Is AI a risky investment?

The most truthful answer is, "it depends". There are definitely useful applications for some of the technologies that fall under the umbrella of things we lump together as 'AI'. Machine learning, for example, has been quietly useful for decades, and is comparatively inexpensive to run.

On the other hand, there's Generative AI (e.g. ChatGPT, Gemini, Copilot, Midjourney, Stable Diffusion). Companies that make GenAI systems are losing a massive amount of money every year; one of them, OpenAI, lost $5 billion in 2024. These systems require so much hardware and resources to run that they aren't able to charge their customers enough to cover their costs.

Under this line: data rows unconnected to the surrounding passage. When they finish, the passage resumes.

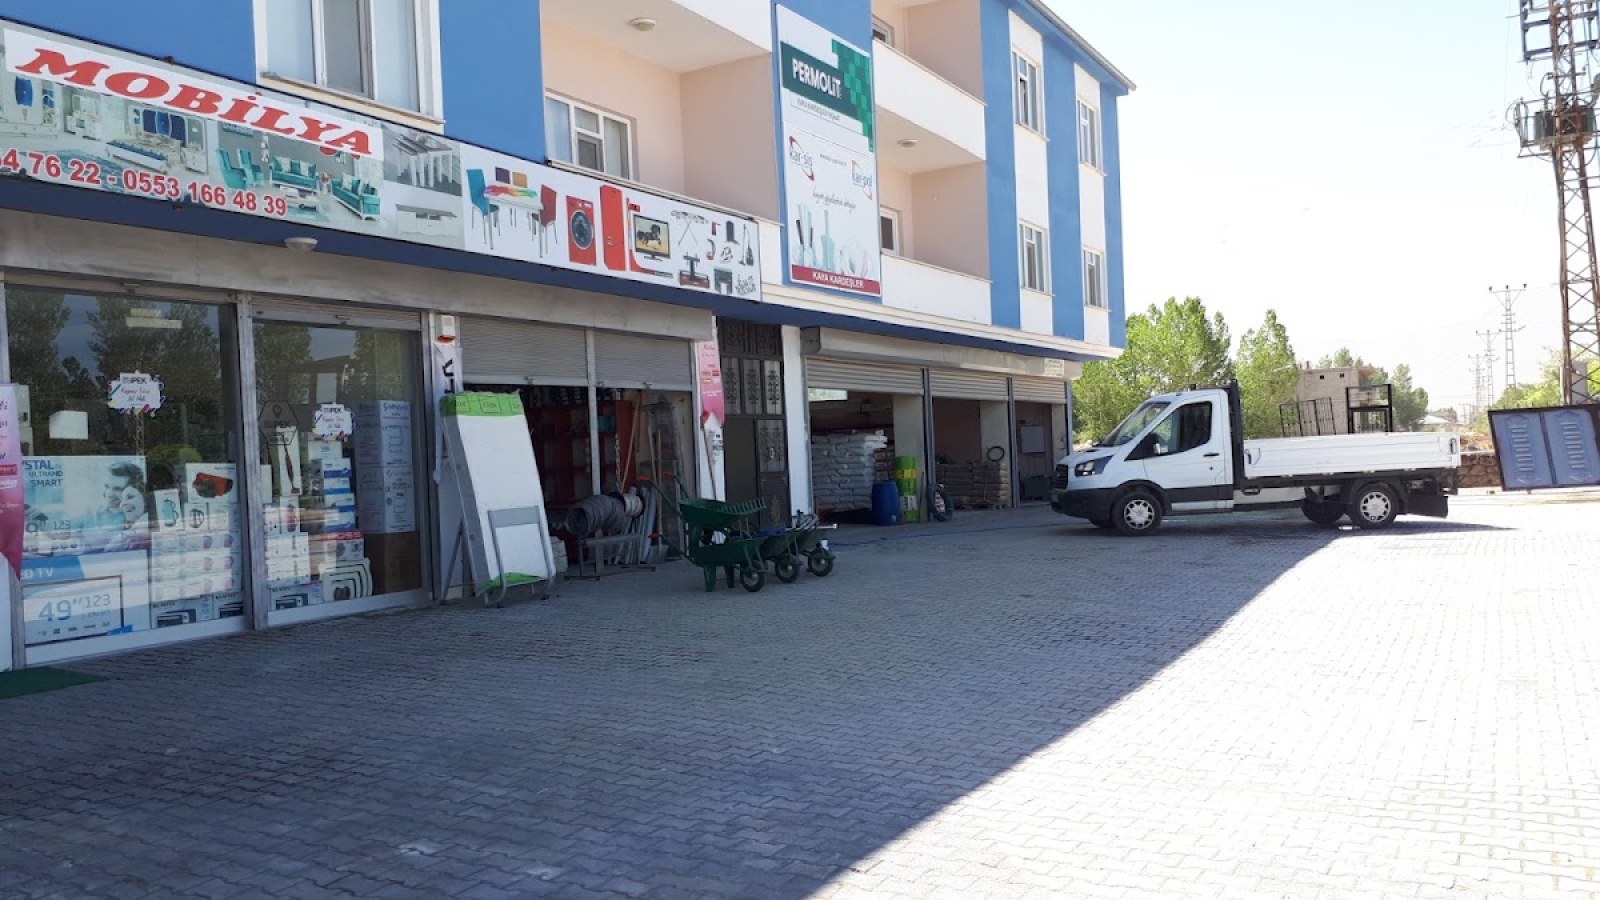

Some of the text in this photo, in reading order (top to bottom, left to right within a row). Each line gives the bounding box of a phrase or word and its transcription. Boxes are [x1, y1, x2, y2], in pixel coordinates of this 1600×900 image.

[15, 48, 373, 156] MOBİLYA
[28, 151, 61, 178] 76
[69, 159, 101, 185] 22
[123, 169, 181, 198] 0553
[187, 182, 227, 206] 166
[232, 190, 257, 212] 48
[263, 195, 288, 216] 39
[812, 270, 829, 282] KAYA
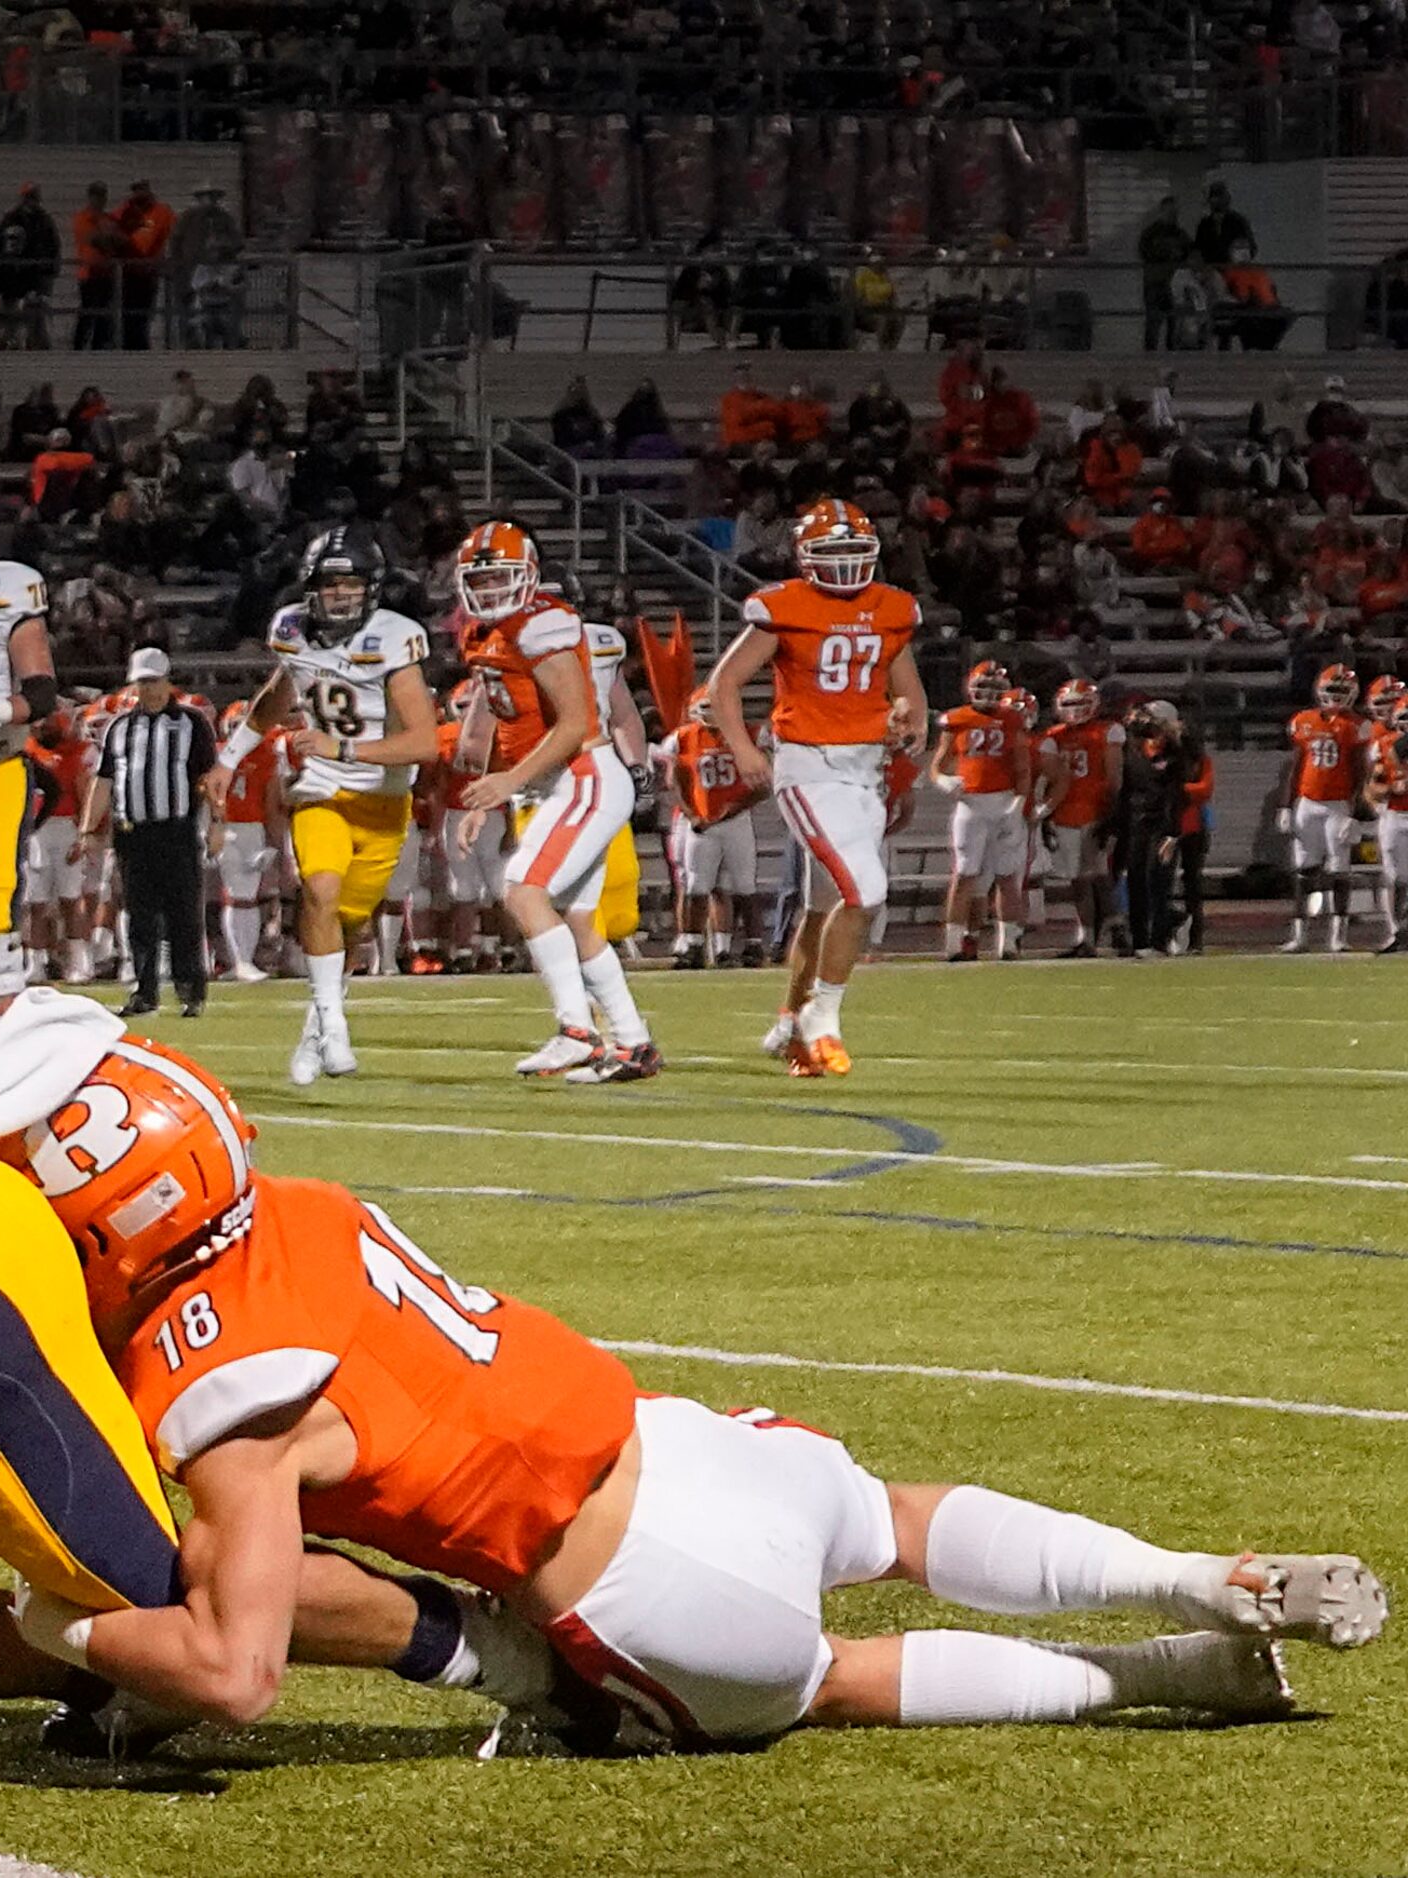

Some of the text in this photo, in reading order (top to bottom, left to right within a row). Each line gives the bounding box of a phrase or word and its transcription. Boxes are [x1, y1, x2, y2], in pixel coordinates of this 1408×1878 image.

"Ah," the AI companies say, "but soon these systems will be far more useful, and won't go telling users to eat deadly mushrooms, drink "aromatic water" (aka mustard gas, a chemical weapon) or put glue on pizza to keep the toppings from sliding off. We just need more money to build bigger data centres, and ten times as much data to train our models on!"

The problem with that: they've already scraped pretty much the entirety of the internet. Which means that no matter how much more money gets thrown at these Generative AI systems, they're unlikely to get much better.

More and more people have been sounding the alarm, warning investors that the AI market is a speculative bubble. Here's a few of the headlines:

Conclusion

To sum up: AI data centres are an incredibly risky investment at this stage. Be wary of any politician or entrepreneur trying to steer your retirement money (or our public funds) into these schemes. Over the last quarter-century, we've seen enough tech hype cycles (dot-com, crypto, NFTs, the metaverse, VR, just to name a few) to know how this story ends. Which raises a question: are these politicians and business leaders just suckers falling for the hype of the day? Or are they hoping to prop up the market with our retirement savings, so their pals can cash out before the bubble bursts?